What needs to be done: What follows is a listing to be repeated in full and without alteration.

Task data:
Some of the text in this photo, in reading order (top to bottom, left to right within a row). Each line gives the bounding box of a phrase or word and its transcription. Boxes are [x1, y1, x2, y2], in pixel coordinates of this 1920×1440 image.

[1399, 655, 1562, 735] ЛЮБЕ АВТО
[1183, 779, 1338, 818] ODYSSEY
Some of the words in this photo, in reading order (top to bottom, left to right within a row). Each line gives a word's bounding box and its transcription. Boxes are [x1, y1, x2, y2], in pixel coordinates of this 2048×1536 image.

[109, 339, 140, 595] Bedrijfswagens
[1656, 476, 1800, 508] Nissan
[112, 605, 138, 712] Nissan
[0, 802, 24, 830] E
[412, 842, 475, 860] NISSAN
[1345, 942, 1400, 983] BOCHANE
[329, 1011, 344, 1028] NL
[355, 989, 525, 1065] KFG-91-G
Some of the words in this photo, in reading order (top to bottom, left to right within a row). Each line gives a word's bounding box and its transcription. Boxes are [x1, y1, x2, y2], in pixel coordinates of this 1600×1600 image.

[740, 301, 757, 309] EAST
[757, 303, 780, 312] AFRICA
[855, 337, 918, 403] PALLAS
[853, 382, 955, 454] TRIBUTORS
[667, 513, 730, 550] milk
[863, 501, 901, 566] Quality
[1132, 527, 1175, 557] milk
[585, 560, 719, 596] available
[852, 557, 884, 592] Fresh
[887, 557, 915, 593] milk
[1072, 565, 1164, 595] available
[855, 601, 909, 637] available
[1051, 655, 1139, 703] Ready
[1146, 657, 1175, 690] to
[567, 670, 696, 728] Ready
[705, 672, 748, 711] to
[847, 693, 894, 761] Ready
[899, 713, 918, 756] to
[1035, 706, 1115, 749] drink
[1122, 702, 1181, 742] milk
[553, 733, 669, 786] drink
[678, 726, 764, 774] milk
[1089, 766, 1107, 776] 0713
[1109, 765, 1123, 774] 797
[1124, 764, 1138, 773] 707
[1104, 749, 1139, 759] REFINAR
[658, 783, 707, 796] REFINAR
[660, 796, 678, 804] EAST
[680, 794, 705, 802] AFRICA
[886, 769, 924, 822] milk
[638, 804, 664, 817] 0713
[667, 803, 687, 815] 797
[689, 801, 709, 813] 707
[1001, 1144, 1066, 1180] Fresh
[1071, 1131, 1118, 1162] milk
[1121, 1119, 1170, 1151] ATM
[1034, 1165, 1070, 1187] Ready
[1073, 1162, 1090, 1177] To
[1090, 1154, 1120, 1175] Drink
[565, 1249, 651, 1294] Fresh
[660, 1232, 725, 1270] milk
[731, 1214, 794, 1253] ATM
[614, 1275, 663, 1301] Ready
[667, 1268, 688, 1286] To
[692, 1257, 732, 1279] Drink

Answer for this exercise:
Some of the text in this photo, in reading order (top to bottom, left to right within a row). Each line gives the bounding box of a phrase or word and its transcription. Boxes are [x1, y1, x2, y2], in pixel coordinates of this 1920×1440 image.

[1399, 655, 1562, 735] ЛЮБЕ АВТО
[1183, 779, 1338, 818] ODYSSEY
Some of the words in this photo, in reading order (top to bottom, left to right within a row). Each line gives a word's bounding box and its transcription. Boxes are [x1, y1, x2, y2], in pixel coordinates of this 2048×1536 image.

[109, 339, 140, 595] Bedrijfswagens
[1656, 476, 1800, 508] Nissan
[112, 605, 138, 712] Nissan
[0, 802, 24, 830] E
[412, 842, 475, 860] NISSAN
[1345, 942, 1400, 983] BOCHANE
[329, 1011, 344, 1028] NL
[355, 989, 525, 1065] KFG-91-G
Some of the words in this photo, in reading order (top to bottom, left to right within a row). Each line gives a word's bounding box and its transcription. Boxes are [x1, y1, x2, y2], in pixel coordinates of this 1600×1600 image.

[740, 301, 757, 309] EAST
[757, 303, 780, 312] AFRICA
[855, 337, 918, 403] PALLAS
[853, 382, 955, 454] TRIBUTORS
[667, 513, 730, 550] milk
[863, 501, 901, 566] Quality
[1132, 527, 1175, 557] milk
[585, 560, 719, 596] available
[852, 557, 884, 592] Fresh
[887, 557, 915, 593] milk
[1072, 565, 1164, 595] available
[855, 601, 909, 637] available
[1051, 655, 1139, 703] Ready
[1146, 657, 1175, 690] to
[567, 670, 696, 728] Ready
[705, 672, 748, 711] to
[847, 693, 894, 761] Ready
[899, 713, 918, 756] to
[1035, 706, 1115, 749] drink
[1122, 702, 1181, 742] milk
[553, 733, 669, 786] drink
[678, 726, 764, 774] milk
[1089, 766, 1107, 776] 0713
[1109, 765, 1123, 774] 797
[1124, 764, 1138, 773] 707
[1104, 749, 1139, 759] REFINAR
[658, 783, 707, 796] REFINAR
[660, 796, 678, 804] EAST
[680, 794, 705, 802] AFRICA
[886, 769, 924, 822] milk
[638, 804, 664, 817] 0713
[667, 803, 687, 815] 797
[689, 801, 709, 813] 707
[1001, 1144, 1066, 1180] Fresh
[1071, 1131, 1118, 1162] milk
[1121, 1119, 1170, 1151] ATM
[1034, 1165, 1070, 1187] Ready
[1073, 1162, 1090, 1177] To
[1090, 1154, 1120, 1175] Drink
[565, 1249, 651, 1294] Fresh
[660, 1232, 725, 1270] milk
[731, 1214, 794, 1253] ATM
[614, 1275, 663, 1301] Ready
[667, 1268, 688, 1286] To
[692, 1257, 732, 1279] Drink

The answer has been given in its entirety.